[Saved entries]
◇ ◇ ◇ ◇ ◇

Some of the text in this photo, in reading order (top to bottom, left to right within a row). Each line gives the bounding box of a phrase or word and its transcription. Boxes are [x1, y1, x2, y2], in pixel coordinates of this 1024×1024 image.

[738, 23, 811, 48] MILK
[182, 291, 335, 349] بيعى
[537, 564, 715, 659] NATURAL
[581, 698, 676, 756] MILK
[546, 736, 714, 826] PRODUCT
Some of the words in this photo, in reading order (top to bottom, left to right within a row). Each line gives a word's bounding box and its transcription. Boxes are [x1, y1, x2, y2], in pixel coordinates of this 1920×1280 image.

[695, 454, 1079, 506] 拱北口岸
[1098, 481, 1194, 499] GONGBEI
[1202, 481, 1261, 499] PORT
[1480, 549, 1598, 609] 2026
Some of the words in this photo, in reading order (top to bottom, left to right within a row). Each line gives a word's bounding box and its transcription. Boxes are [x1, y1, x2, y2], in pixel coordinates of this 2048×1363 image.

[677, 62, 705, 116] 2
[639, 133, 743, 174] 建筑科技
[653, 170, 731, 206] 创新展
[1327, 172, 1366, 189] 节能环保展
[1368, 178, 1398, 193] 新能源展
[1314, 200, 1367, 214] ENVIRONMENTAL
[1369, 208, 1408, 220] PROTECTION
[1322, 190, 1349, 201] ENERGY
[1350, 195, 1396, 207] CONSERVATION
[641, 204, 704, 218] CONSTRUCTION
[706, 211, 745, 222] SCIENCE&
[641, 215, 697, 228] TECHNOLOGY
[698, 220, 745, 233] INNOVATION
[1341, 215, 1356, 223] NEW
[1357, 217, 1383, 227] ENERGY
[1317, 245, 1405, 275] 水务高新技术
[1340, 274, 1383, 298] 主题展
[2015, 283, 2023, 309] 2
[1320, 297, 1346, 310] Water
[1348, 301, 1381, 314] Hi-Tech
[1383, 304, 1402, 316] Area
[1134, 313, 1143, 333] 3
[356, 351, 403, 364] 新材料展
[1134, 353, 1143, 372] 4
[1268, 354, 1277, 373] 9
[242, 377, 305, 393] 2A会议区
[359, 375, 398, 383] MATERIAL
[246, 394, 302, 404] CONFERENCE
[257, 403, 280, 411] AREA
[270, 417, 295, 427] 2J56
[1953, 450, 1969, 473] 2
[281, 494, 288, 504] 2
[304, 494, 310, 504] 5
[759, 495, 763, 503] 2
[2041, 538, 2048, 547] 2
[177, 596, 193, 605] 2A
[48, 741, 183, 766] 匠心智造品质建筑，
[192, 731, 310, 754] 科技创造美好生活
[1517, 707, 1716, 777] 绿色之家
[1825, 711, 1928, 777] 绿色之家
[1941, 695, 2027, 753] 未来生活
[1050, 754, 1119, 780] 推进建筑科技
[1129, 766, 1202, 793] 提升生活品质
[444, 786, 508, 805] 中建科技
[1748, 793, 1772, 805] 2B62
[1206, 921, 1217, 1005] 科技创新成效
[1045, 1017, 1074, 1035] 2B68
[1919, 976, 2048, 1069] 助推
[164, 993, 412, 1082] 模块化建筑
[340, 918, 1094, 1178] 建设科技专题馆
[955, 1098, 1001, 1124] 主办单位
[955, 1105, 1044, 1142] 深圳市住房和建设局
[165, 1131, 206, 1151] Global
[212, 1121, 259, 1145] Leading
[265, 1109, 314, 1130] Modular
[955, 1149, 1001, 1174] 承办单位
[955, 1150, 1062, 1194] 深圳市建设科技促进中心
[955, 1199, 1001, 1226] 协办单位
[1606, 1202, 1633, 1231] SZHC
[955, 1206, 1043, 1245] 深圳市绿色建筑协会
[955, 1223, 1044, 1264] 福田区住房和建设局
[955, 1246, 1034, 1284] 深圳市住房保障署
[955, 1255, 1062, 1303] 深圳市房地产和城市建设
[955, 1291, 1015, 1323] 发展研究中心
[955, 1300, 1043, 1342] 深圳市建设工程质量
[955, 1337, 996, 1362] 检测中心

◇ ◇ ◇ ◇ ◇

**Task objective:** Repeat the records above exactly.

**Result:**
Some of the text in this photo, in reading order (top to bottom, left to right within a row). Each line gives the bounding box of a phrase or word and its transcription. Boxes are [x1, y1, x2, y2], in pixel coordinates of this 1024×1024 image.

[738, 23, 811, 48] MILK
[182, 291, 335, 349] بيعى
[537, 564, 715, 659] NATURAL
[581, 698, 676, 756] MILK
[546, 736, 714, 826] PRODUCT
Some of the words in this photo, in reading order (top to bottom, left to right within a row). Each line gives a word's bounding box and its transcription. Boxes are [x1, y1, x2, y2], in pixel coordinates of this 1920×1280 image.

[695, 454, 1079, 506] 拱北口岸
[1098, 481, 1194, 499] GONGBEI
[1202, 481, 1261, 499] PORT
[1480, 549, 1598, 609] 2026
Some of the words in this photo, in reading order (top to bottom, left to right within a row). Each line gives a word's bounding box and its transcription. Boxes are [x1, y1, x2, y2], in pixel coordinates of this 2048×1363 image.

[677, 62, 705, 116] 2
[639, 133, 743, 174] 建筑科技
[653, 170, 731, 206] 创新展
[1327, 172, 1366, 189] 节能环保展
[1368, 178, 1398, 193] 新能源展
[1314, 200, 1367, 214] ENVIRONMENTAL
[1369, 208, 1408, 220] PROTECTION
[1322, 190, 1349, 201] ENERGY
[1350, 195, 1396, 207] CONSERVATION
[641, 204, 704, 218] CONSTRUCTION
[706, 211, 745, 222] SCIENCE&
[641, 215, 697, 228] TECHNOLOGY
[698, 220, 745, 233] INNOVATION
[1341, 215, 1356, 223] NEW
[1357, 217, 1383, 227] ENERGY
[1317, 245, 1405, 275] 水务高新技术
[1340, 274, 1383, 298] 主题展
[2015, 283, 2023, 309] 2
[1320, 297, 1346, 310] Water
[1348, 301, 1381, 314] Hi-Tech
[1383, 304, 1402, 316] Area
[1134, 313, 1143, 333] 3
[356, 351, 403, 364] 新材料展
[1134, 353, 1143, 372] 4
[1268, 354, 1277, 373] 9
[242, 377, 305, 393] 2A会议区
[359, 375, 398, 383] MATERIAL
[246, 394, 302, 404] CONFERENCE
[257, 403, 280, 411] AREA
[270, 417, 295, 427] 2J56
[1953, 450, 1969, 473] 2
[281, 494, 288, 504] 2
[304, 494, 310, 504] 5
[759, 495, 763, 503] 2
[2041, 538, 2048, 547] 2
[177, 596, 193, 605] 2A
[48, 741, 183, 766] 匠心智造品质建筑，
[192, 731, 310, 754] 科技创造美好生活
[1517, 707, 1716, 777] 绿色之家
[1825, 711, 1928, 777] 绿色之家
[1941, 695, 2027, 753] 未来生活
[1050, 754, 1119, 780] 推进建筑科技
[1129, 766, 1202, 793] 提升生活品质
[444, 786, 508, 805] 中建科技
[1748, 793, 1772, 805] 2B62
[1206, 921, 1217, 1005] 科技创新成效
[1045, 1017, 1074, 1035] 2B68
[1919, 976, 2048, 1069] 助推
[164, 993, 412, 1082] 模块化建筑
[340, 918, 1094, 1178] 建设科技专题馆
[955, 1098, 1001, 1124] 主办单位
[955, 1105, 1044, 1142] 深圳市住房和建设局
[165, 1131, 206, 1151] Global
[212, 1121, 259, 1145] Leading
[265, 1109, 314, 1130] Modular
[955, 1149, 1001, 1174] 承办单位
[955, 1150, 1062, 1194] 深圳市建设科技促进中心
[955, 1199, 1001, 1226] 协办单位
[1606, 1202, 1633, 1231] SZHC
[955, 1206, 1043, 1245] 深圳市绿色建筑协会
[955, 1223, 1044, 1264] 福田区住房和建设局
[955, 1246, 1034, 1284] 深圳市住房保障署
[955, 1255, 1062, 1303] 深圳市房地产和城市建设
[955, 1291, 1015, 1323] 发展研究中心
[955, 1300, 1043, 1342] 深圳市建设工程质量
[955, 1337, 996, 1362] 检测中心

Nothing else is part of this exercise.